[[ DATA FOR THE TASK open ]]

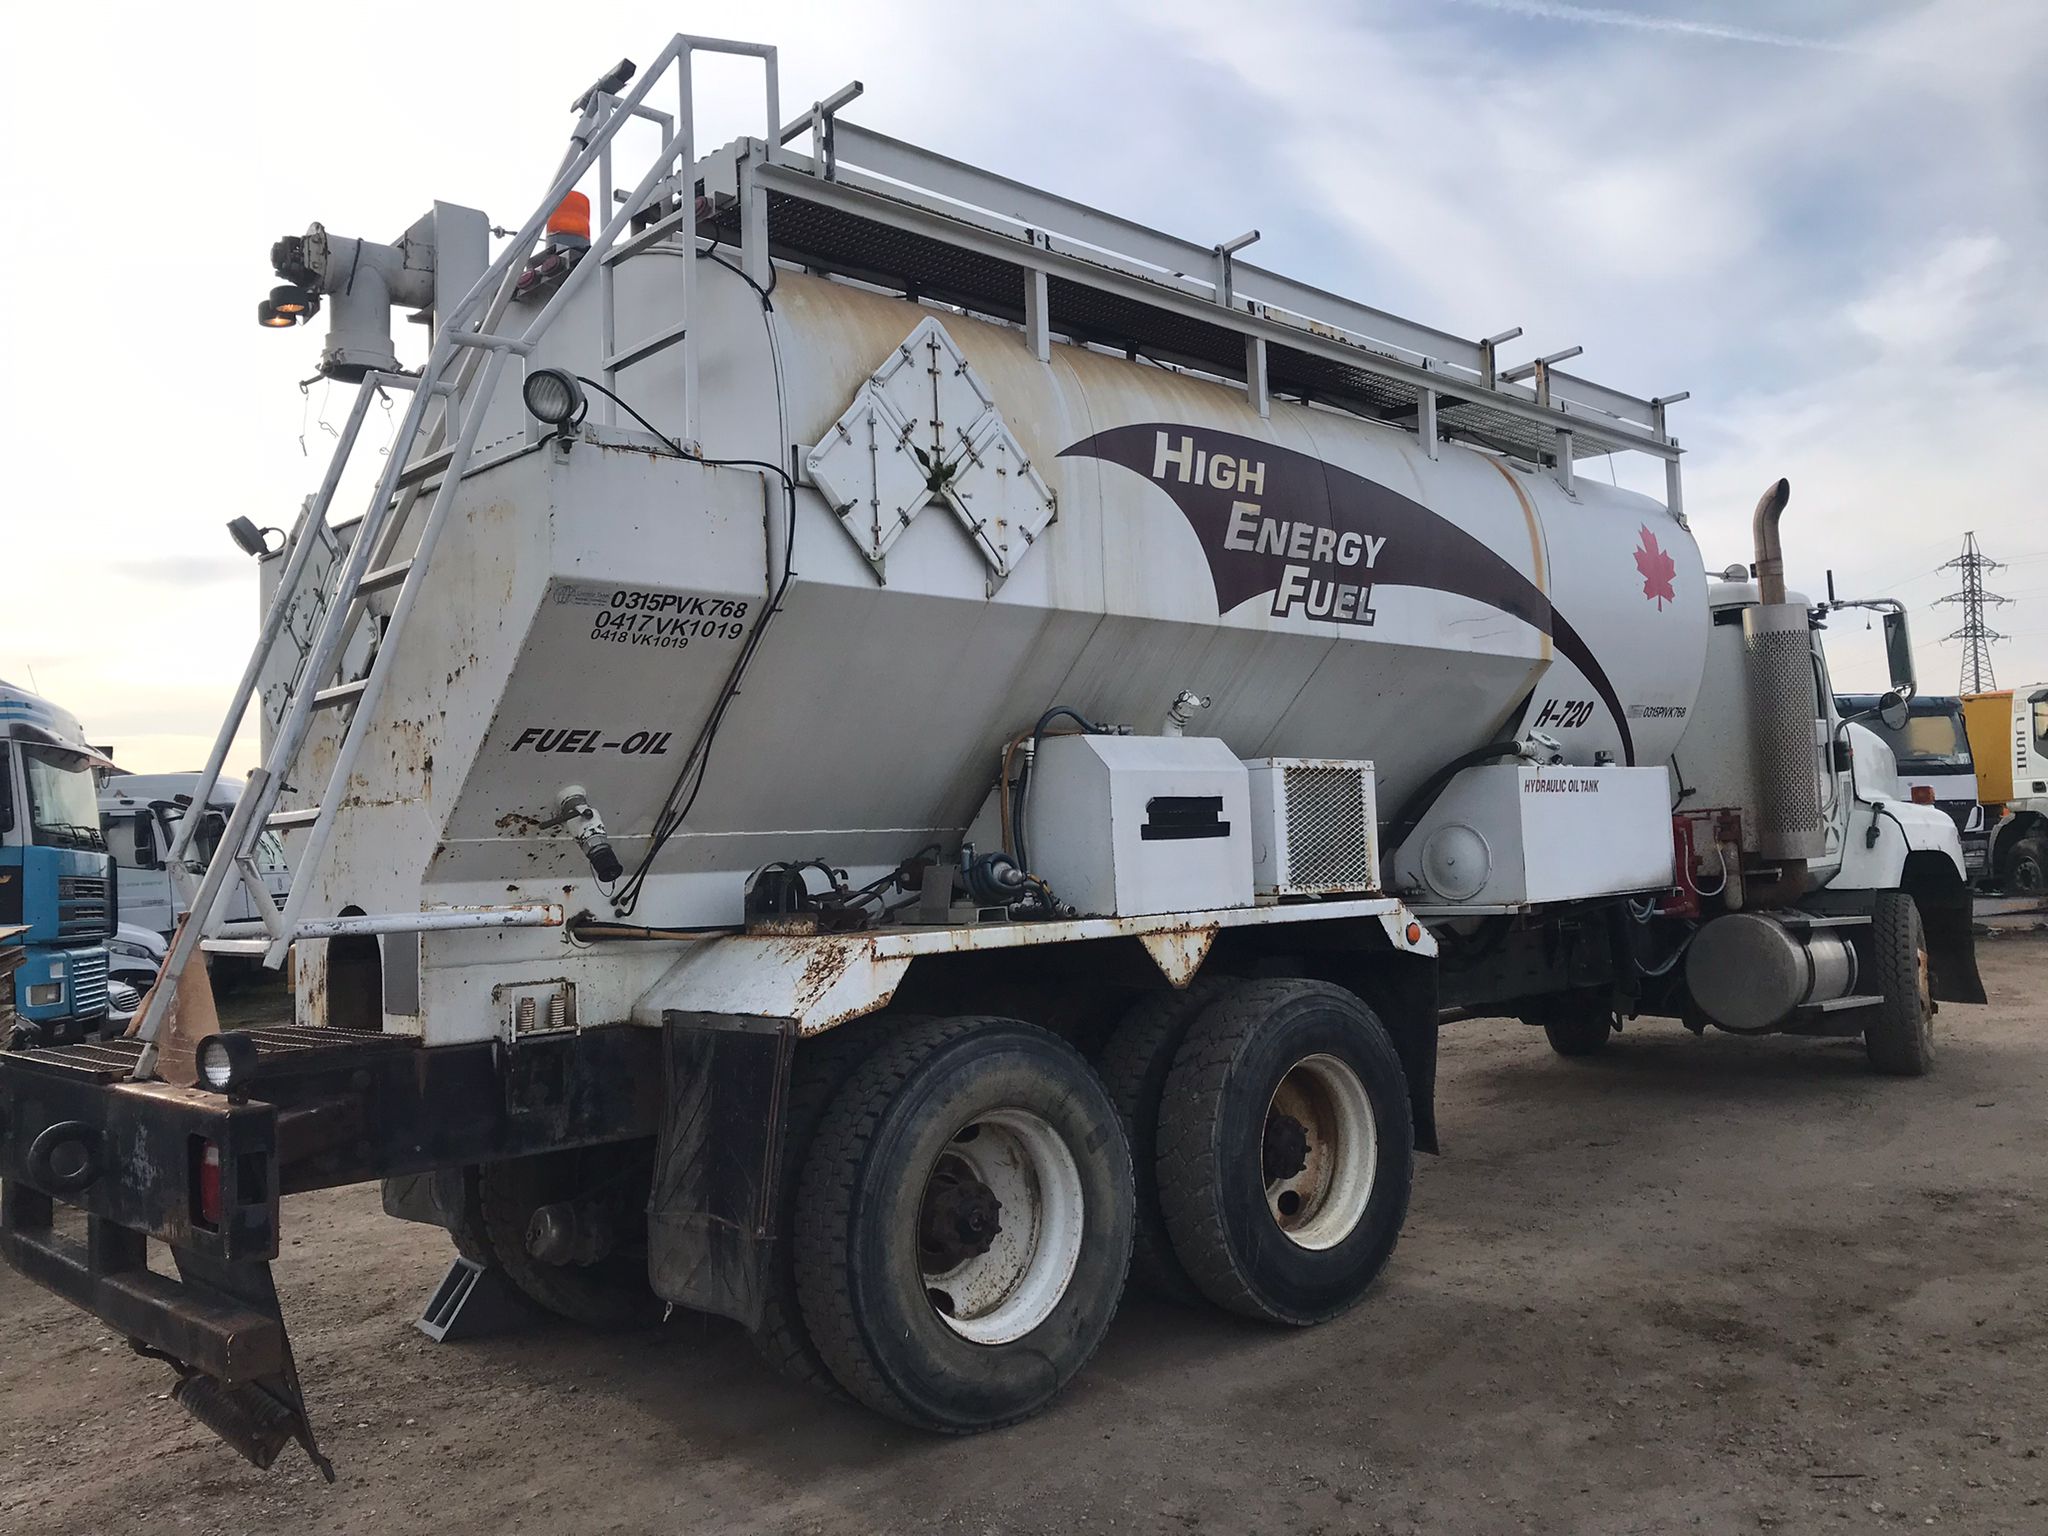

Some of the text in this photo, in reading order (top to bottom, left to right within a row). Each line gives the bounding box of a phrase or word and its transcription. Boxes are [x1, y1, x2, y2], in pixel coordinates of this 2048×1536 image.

[1152, 430, 1265, 496] HIGH
[1223, 500, 1387, 569] ENERGY
[610, 590, 748, 619] 0315PVK768
[1271, 563, 1376, 625] FUEL
[590, 628, 689, 649] 0418 VK1019
[1533, 699, 1595, 728] H-720
[510, 728, 672, 754] FUEL-OIL
[1524, 779, 1600, 793] HYDRAULIC OIL TANK

[[ DATA FOR THE TASK closed ]]

== TASK DIRECTIONS ==
Repeat everything in the records above exactly; pictures are not part of the copy.

== SOLUTION TO THE EXERCISE ==
Some of the text in this photo, in reading order (top to bottom, left to right within a row). Each line gives the bounding box of a phrase or word and its transcription. Boxes are [x1, y1, x2, y2], in pixel coordinates of this 2048×1536 image.

[1152, 430, 1265, 496] HIGH
[1223, 500, 1387, 569] ENERGY
[610, 590, 748, 619] 0315PVK768
[1271, 563, 1376, 625] FUEL
[590, 628, 689, 649] 0418 VK1019
[1533, 699, 1595, 728] H-720
[510, 728, 672, 754] FUEL-OIL
[1524, 779, 1600, 793] HYDRAULIC OIL TANK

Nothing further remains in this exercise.